- **Problem**
Output the full listing below exactly; the images stay out.

━━━ Input

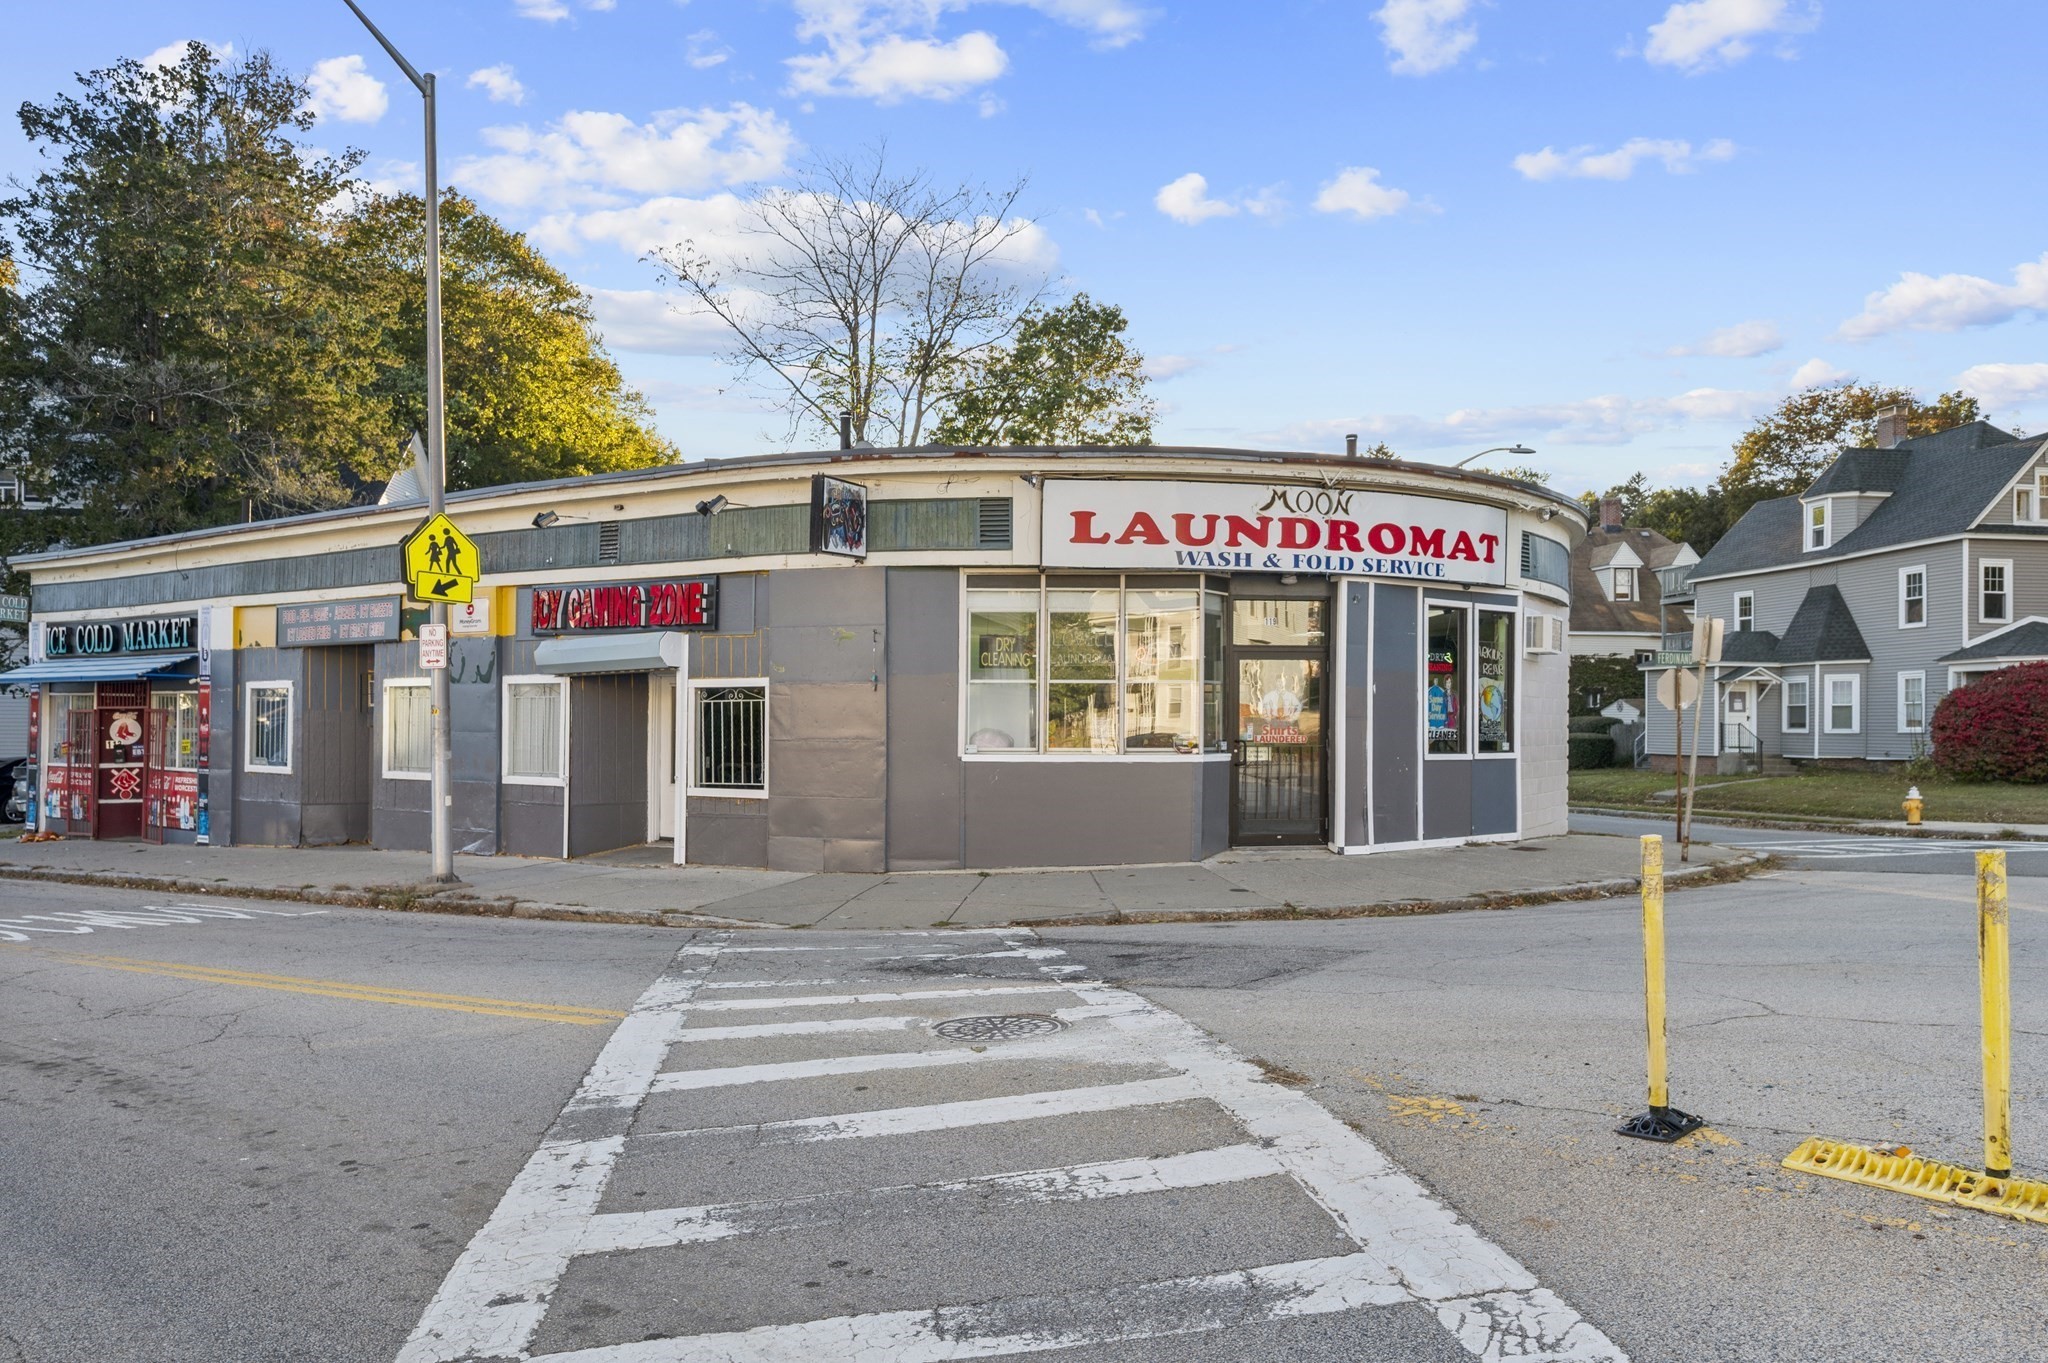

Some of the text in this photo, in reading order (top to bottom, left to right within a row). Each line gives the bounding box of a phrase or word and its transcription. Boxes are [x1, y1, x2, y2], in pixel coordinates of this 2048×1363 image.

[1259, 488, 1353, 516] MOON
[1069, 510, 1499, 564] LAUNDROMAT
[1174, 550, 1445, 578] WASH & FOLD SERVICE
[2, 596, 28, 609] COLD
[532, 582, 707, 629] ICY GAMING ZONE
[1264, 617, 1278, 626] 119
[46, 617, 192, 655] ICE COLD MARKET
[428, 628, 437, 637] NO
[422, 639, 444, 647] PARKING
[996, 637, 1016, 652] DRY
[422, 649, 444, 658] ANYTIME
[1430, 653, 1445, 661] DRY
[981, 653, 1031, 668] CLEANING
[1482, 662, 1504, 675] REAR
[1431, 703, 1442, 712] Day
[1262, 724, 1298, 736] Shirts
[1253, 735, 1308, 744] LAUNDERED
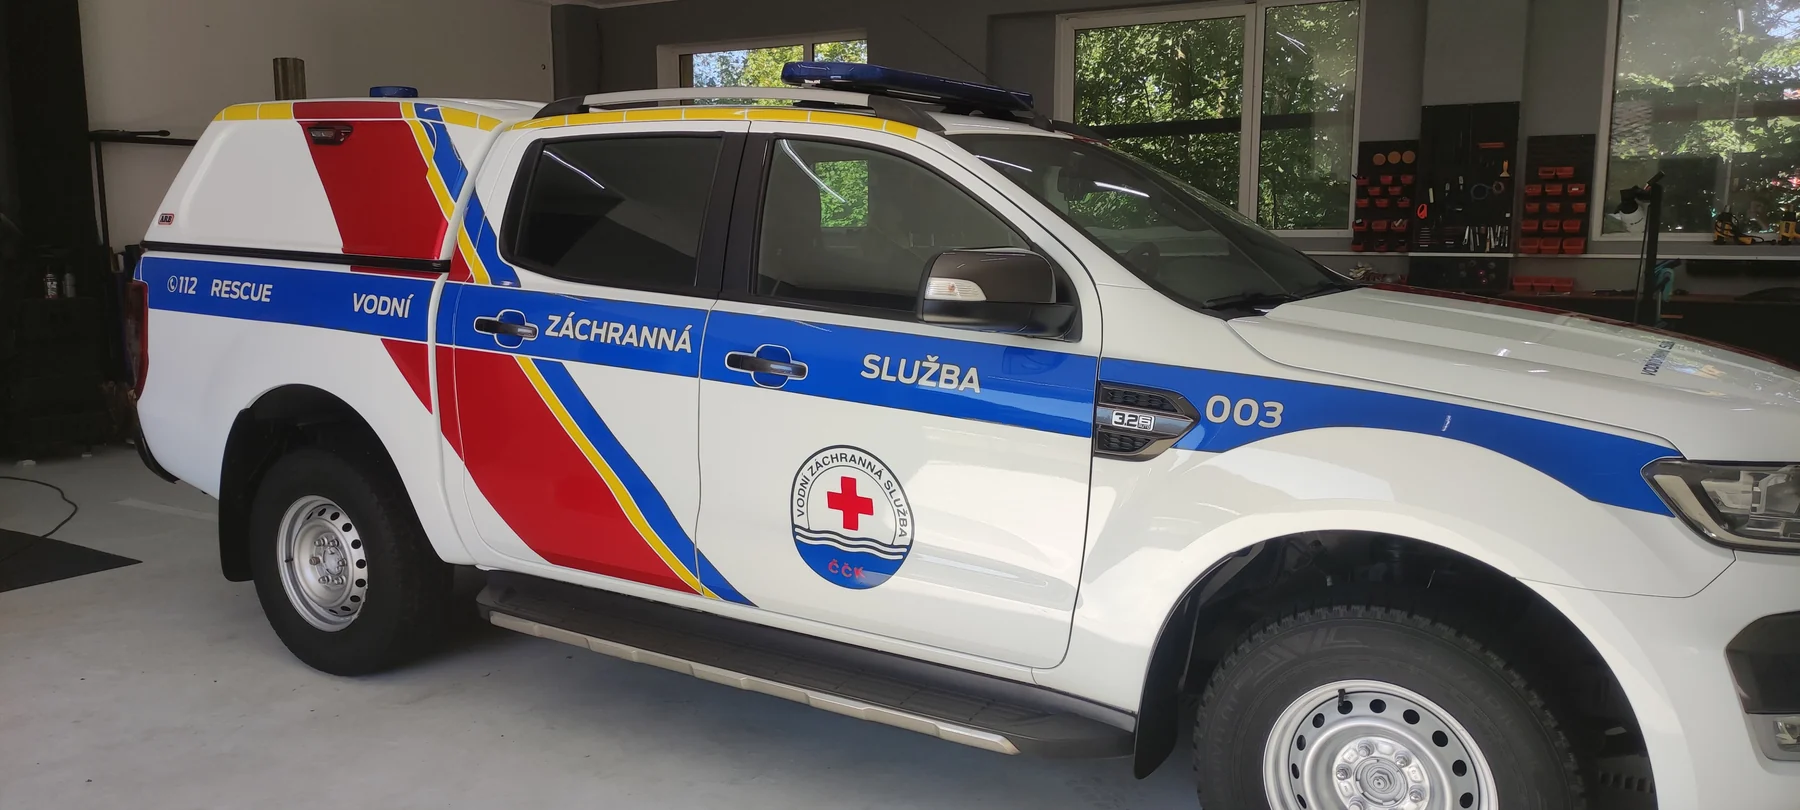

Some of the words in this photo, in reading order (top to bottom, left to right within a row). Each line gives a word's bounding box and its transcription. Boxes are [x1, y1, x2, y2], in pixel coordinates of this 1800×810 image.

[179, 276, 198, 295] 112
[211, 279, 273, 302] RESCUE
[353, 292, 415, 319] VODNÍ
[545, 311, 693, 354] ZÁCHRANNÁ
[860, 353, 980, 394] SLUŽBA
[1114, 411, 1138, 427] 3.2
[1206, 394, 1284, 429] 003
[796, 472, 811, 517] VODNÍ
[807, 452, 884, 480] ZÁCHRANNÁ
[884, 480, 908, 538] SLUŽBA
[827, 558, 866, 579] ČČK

━━━━━━

- **Solution for this task**
Some of the text in this photo, in reading order (top to bottom, left to right within a row). Each line gives the bounding box of a phrase or word and its transcription. Boxes are [x1, y1, x2, y2], in pixel coordinates of this 2048×1363 image.

[1259, 488, 1353, 516] MOON
[1069, 510, 1499, 564] LAUNDROMAT
[1174, 550, 1445, 578] WASH & FOLD SERVICE
[2, 596, 28, 609] COLD
[532, 582, 707, 629] ICY GAMING ZONE
[1264, 617, 1278, 626] 119
[46, 617, 192, 655] ICE COLD MARKET
[428, 628, 437, 637] NO
[422, 639, 444, 647] PARKING
[996, 637, 1016, 652] DRY
[422, 649, 444, 658] ANYTIME
[1430, 653, 1445, 661] DRY
[981, 653, 1031, 668] CLEANING
[1482, 662, 1504, 675] REAR
[1431, 703, 1442, 712] Day
[1262, 724, 1298, 736] Shirts
[1253, 735, 1308, 744] LAUNDERED

Some of the words in this photo, in reading order (top to bottom, left to right within a row). Each line gives a word's bounding box and its transcription. Boxes are [x1, y1, x2, y2], in pixel coordinates of this 1800×810 image.

[179, 276, 198, 295] 112
[211, 279, 273, 302] RESCUE
[353, 292, 415, 319] VODNÍ
[545, 311, 693, 354] ZÁCHRANNÁ
[860, 353, 980, 394] SLUŽBA
[1114, 411, 1138, 427] 3.2
[1206, 394, 1284, 429] 003
[796, 472, 811, 517] VODNÍ
[807, 452, 884, 480] ZÁCHRANNÁ
[884, 480, 908, 538] SLUŽBA
[827, 558, 866, 579] ČČK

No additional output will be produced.